(Collected data)
:::

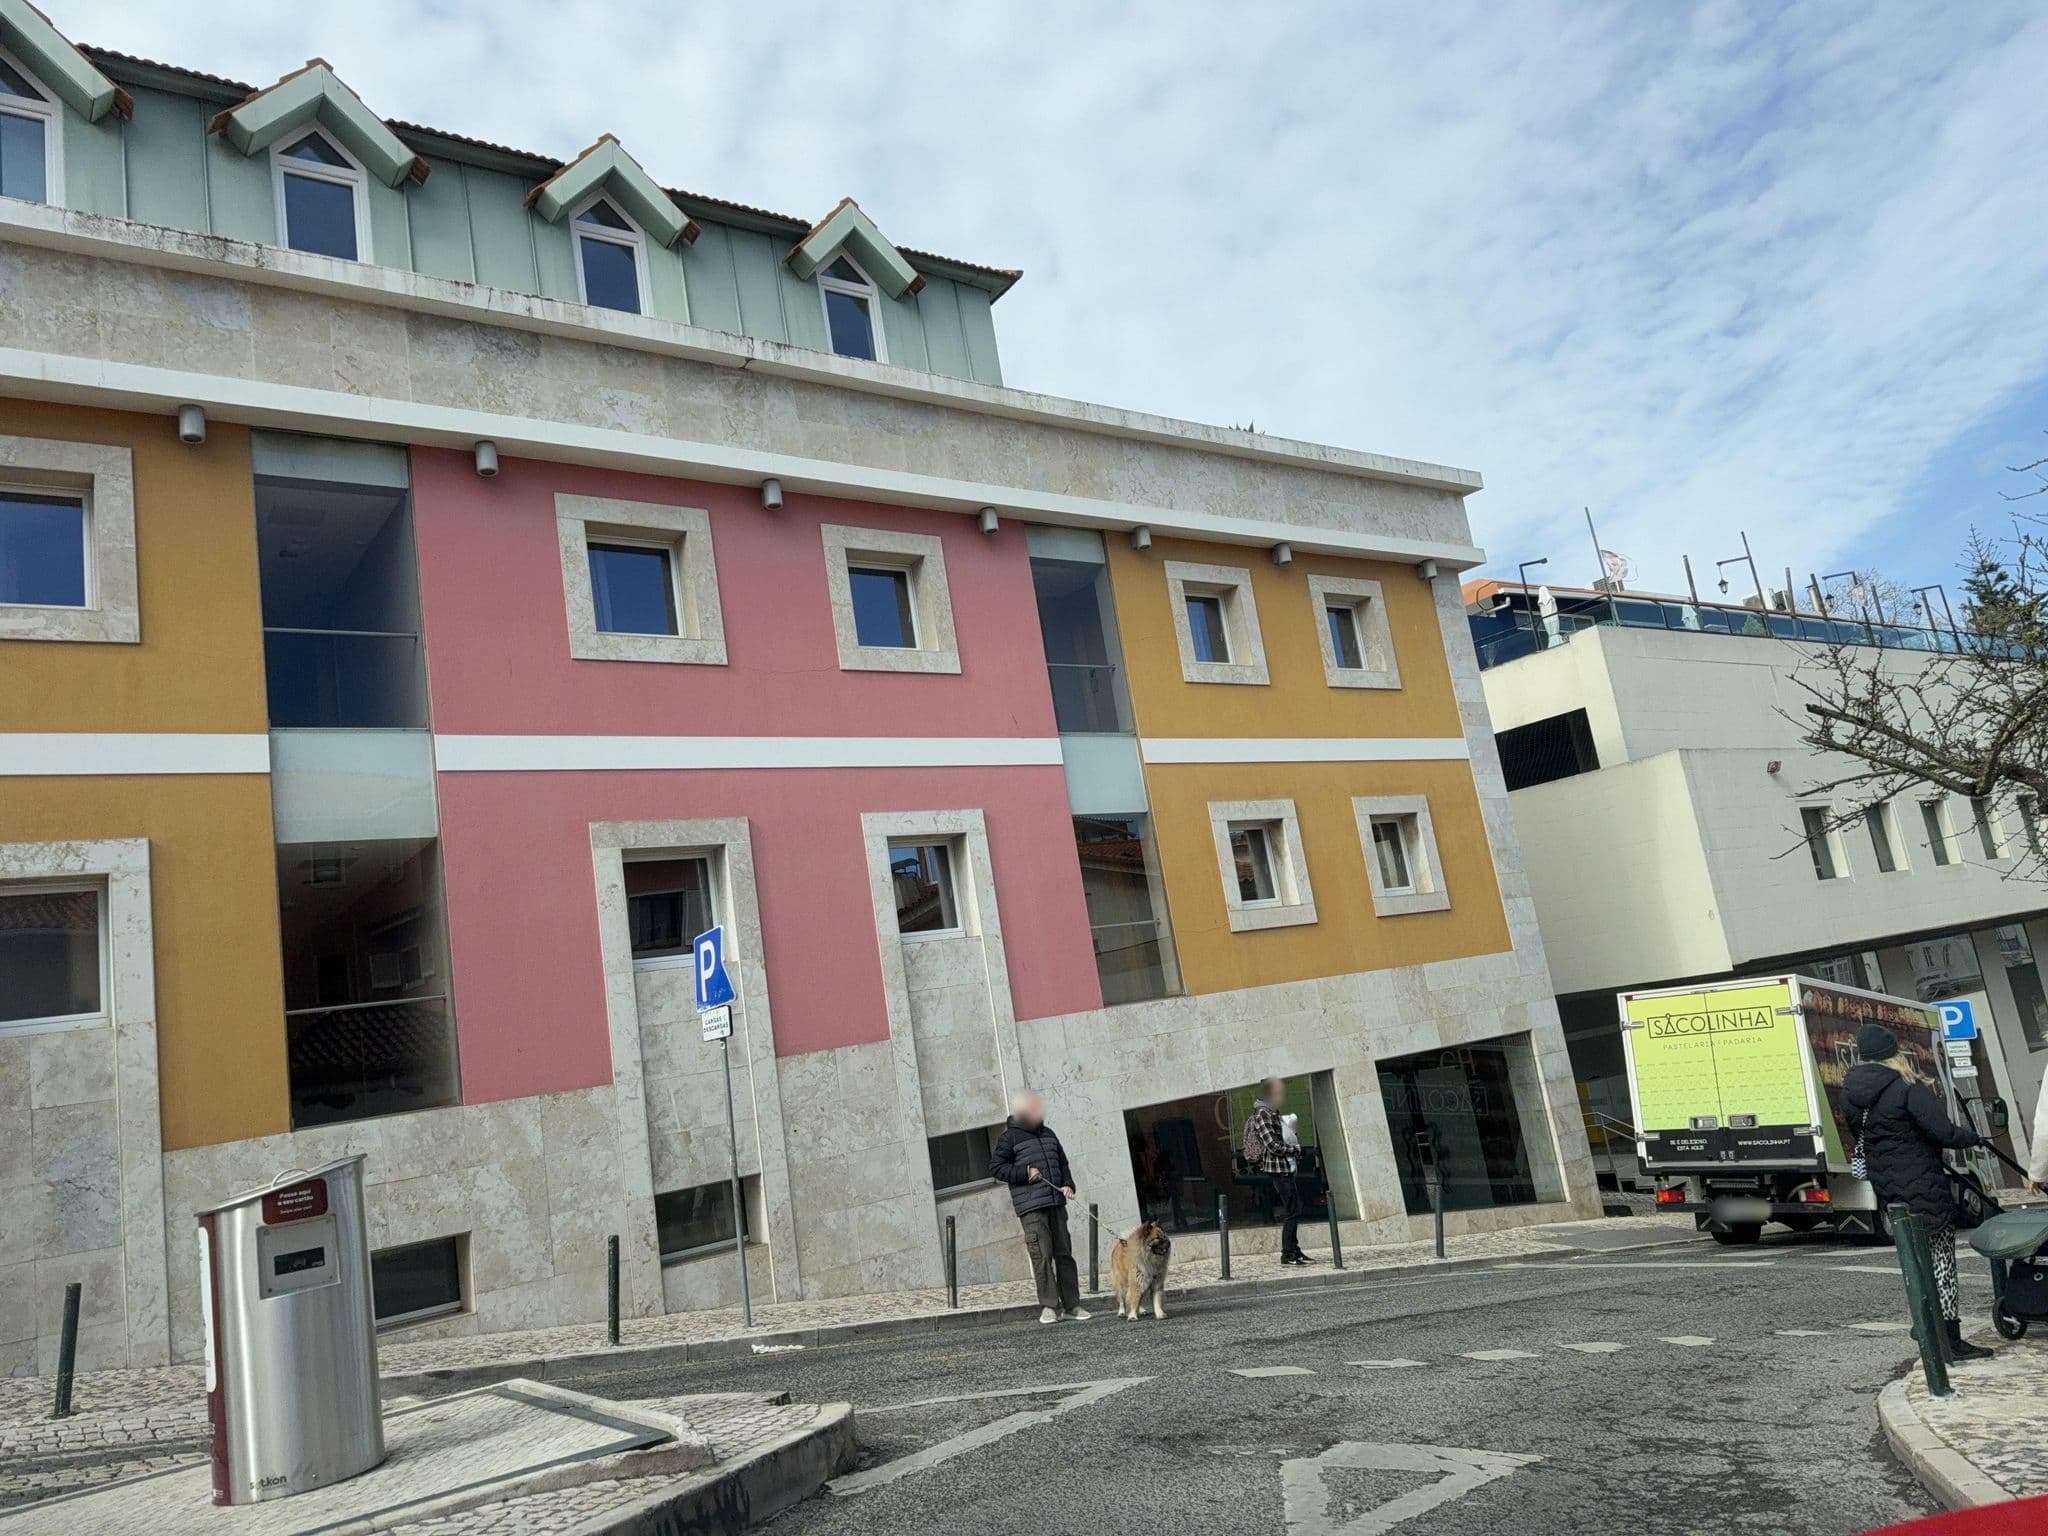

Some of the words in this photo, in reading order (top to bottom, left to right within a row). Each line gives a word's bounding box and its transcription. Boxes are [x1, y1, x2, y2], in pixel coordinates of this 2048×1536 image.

[700, 940, 716, 1002] P
[1940, 1006, 1963, 1035] P
[1663, 1040, 1715, 1051] PASTELARIA
[1723, 1036, 1763, 1046] PADARIA

:::

- **Task objective**
I would like the data above transcribed exactly, with its pictures left out.

- **Worked solution**
Some of the words in this photo, in reading order (top to bottom, left to right within a row). Each line gives a word's bounding box and its transcription. Boxes are [x1, y1, x2, y2], in pixel coordinates of this 2048×1536 image.

[700, 940, 716, 1002] P
[1940, 1006, 1963, 1035] P
[1663, 1040, 1715, 1051] PASTELARIA
[1723, 1036, 1763, 1046] PADARIA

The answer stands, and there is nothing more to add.